Industrial scale production of poly(3-hydroxybutyrate-co-3-hydroxyhexanoate) by G. Chen; G. Zhang; S. Park; S. Lee (pp. 50-55).
Large scale production of poly(3-hydroxybutyrate-co-3-hydroxyhexanoate) [P(3HB-co-3HHx)] by Aeromonas hydrophila 4AK4 was examined in a 20,000 l fermentor. Cells were first grown using glucose as a carbon source, and polyhydroxyalkanoate (PHA) biosynthesis was triggered by the addition of lauric acid under conditions of limited nitrogen or phosphorus. When cells first grown in a medium containing 50 g glucose l–1 were further cultivated after the addition of 50 g lauric acid l–1 under phosphorus limitation, a final cell concentration, PHA concentration and PHA content of 50 g l–1, 25 g l–1, and 50 wt%, respectively, were obtained in 46 h, equivalent to PHA productivity of 0.54 g l–1 h–1. The copolymer produced was found to be a random copolymer, and the 3HHx fraction was 11 mol%.

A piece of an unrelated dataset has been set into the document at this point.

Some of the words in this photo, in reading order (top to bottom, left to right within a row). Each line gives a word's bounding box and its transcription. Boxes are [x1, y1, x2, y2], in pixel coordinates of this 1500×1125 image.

Kinetics of hydrogen production with continuous anaerobic cultures utilizing sucrose as the limiting substrate by C-C. Chen; C-Y. Lin; J-S. Chang (pp. 56-64).

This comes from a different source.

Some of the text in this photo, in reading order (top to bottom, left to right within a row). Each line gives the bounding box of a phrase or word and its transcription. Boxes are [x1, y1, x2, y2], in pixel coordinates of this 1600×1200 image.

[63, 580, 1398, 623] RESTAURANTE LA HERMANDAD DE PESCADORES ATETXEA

In this study, local sewage sludge was acclimated to establish H2-producing enrichment cultures, which were used to convert sucrose to H2 with continuously stirred anaerobic bioreactors. The steady-state behaviors of cell growth, substrate utilization, and product formation were closely monitored. Kinetic models were developed to describe and predict the experimental results from the H2-producing cultures. Operation at dilution rates (D) of 0.075–0.167 h–1 was preferable for H2 production, resulting in a H2 concentration of nearly 0.02 mol/l. The optimal hydrogen production rate was 0.105 mol/h occurring at D=0.125 h–1. The major volatile fatty acid produced was butyric acid (HBu), while acetic acid and propionic acid were also produced in lesser quantities. The major solvent product was ethanol, whose concentration was only 15% of that of HBu, indicating that the metabolic flow favors H2 production. The proposed model was able to interpret the trends of the experimental data. The maximum specific growth rate (µ max), Monod constant (K s ), and yield coefficient for cell growth (Y x/s ) were estimated as 0.172 h–1, 68 mg COD/l, and 0.1 g/g, respectively. The model study also suggests that product formation in the continuous hydrogen-producing cultures was essentially a linear function of biomass concentration.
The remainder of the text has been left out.